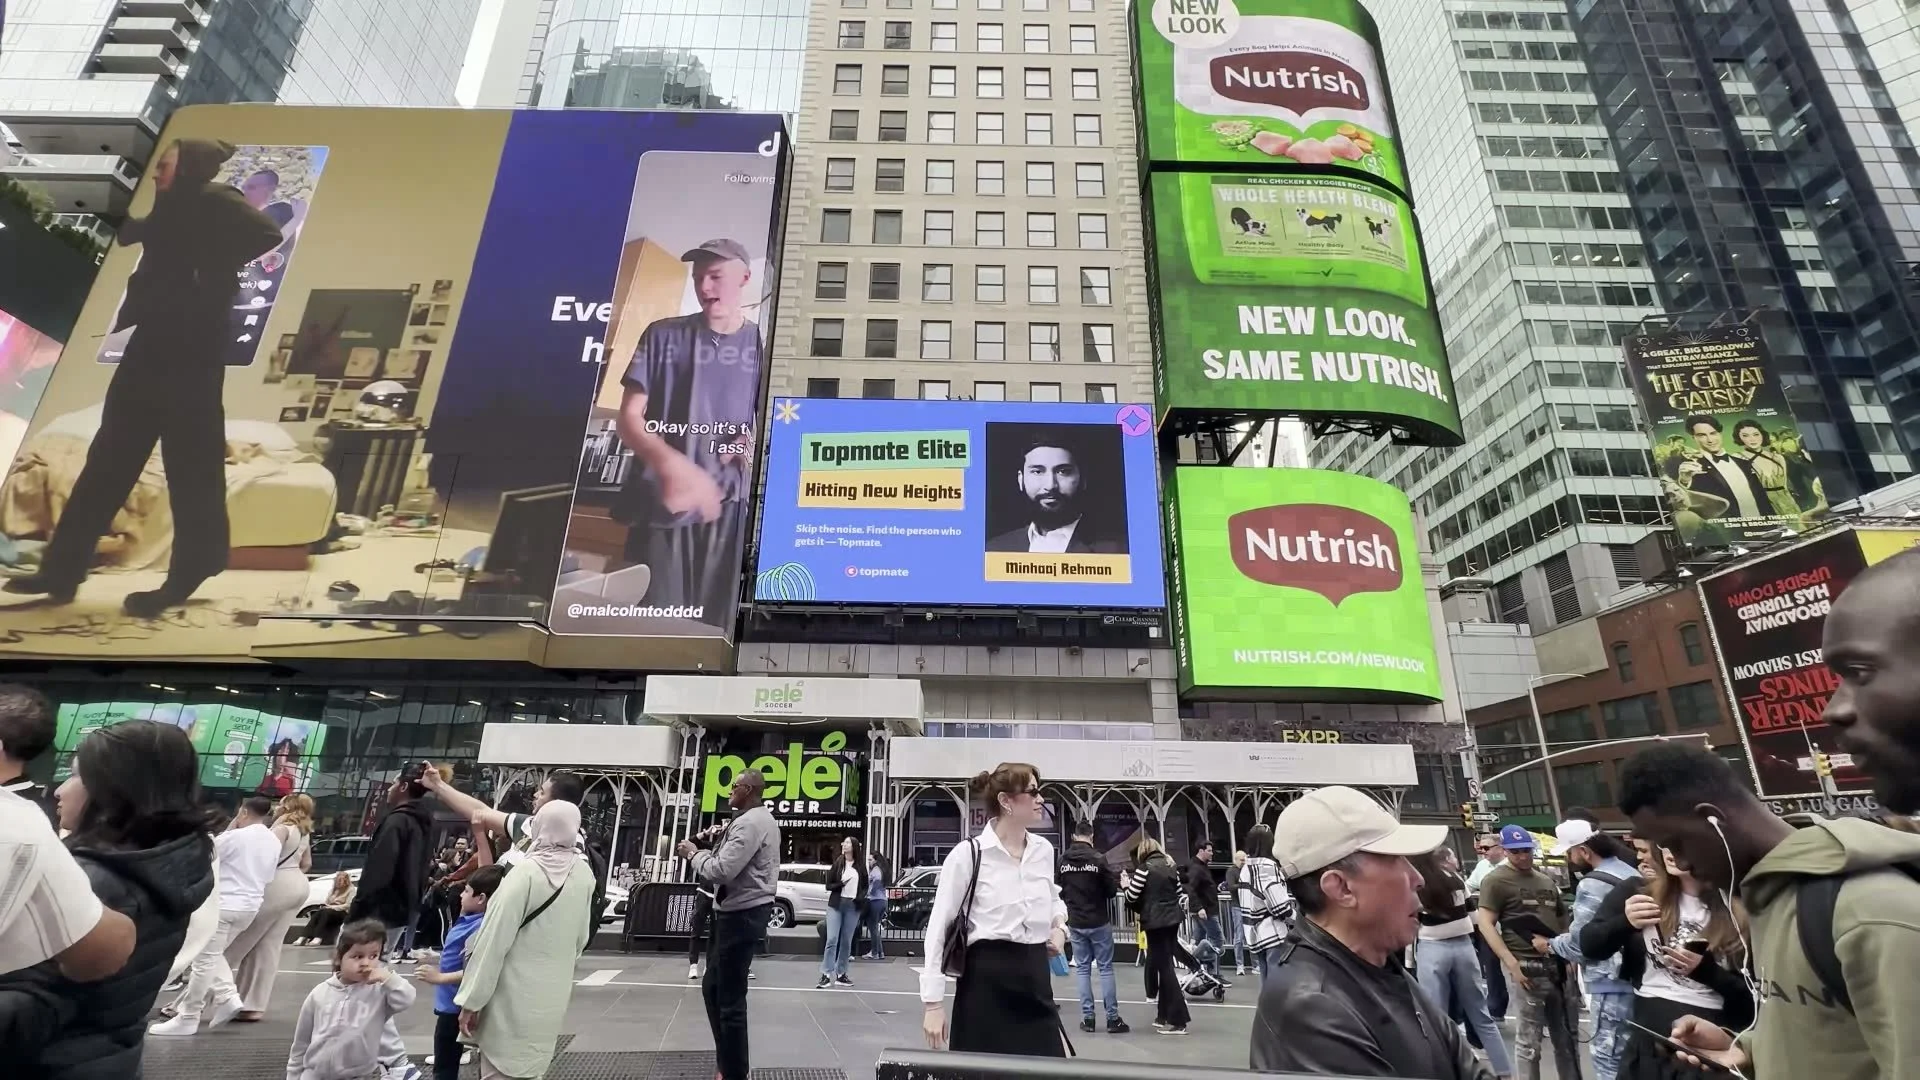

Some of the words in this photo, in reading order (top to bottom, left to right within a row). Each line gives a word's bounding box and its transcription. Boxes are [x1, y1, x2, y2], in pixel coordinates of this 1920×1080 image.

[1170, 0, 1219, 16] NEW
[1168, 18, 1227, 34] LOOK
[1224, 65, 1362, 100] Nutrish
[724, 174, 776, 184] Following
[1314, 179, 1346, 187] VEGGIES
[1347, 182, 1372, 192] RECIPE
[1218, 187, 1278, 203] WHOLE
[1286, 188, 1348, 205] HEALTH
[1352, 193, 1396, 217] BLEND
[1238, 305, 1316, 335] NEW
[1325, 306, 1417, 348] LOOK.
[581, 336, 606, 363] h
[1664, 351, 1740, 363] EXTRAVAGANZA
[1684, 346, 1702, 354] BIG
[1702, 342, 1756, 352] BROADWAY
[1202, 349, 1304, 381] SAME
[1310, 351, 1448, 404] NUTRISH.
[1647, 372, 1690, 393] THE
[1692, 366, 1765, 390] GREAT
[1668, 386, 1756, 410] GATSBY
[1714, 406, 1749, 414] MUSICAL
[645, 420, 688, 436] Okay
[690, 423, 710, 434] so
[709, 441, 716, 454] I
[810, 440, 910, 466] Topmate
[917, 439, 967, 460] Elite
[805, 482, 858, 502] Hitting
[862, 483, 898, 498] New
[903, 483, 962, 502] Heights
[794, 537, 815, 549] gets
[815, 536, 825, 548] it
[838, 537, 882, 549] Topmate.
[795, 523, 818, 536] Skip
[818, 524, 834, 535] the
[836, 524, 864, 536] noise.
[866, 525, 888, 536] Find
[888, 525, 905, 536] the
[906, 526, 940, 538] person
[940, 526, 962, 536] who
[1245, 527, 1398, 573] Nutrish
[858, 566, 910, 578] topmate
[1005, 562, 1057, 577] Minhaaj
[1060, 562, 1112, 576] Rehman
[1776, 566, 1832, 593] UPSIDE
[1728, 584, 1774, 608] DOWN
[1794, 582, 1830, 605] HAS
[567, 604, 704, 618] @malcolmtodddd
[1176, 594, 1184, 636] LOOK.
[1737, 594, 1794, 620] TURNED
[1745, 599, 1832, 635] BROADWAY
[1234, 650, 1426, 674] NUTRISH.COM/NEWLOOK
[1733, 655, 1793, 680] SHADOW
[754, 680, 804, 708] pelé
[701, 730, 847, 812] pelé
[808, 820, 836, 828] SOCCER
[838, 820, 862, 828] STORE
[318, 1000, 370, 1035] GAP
★ ★ ★
*Work to be completed:*
Your answer should be all lines from the data that contain "pelé".

*Answer to the problem:*
[754, 680, 804, 708] pelé
[701, 730, 847, 812] pelé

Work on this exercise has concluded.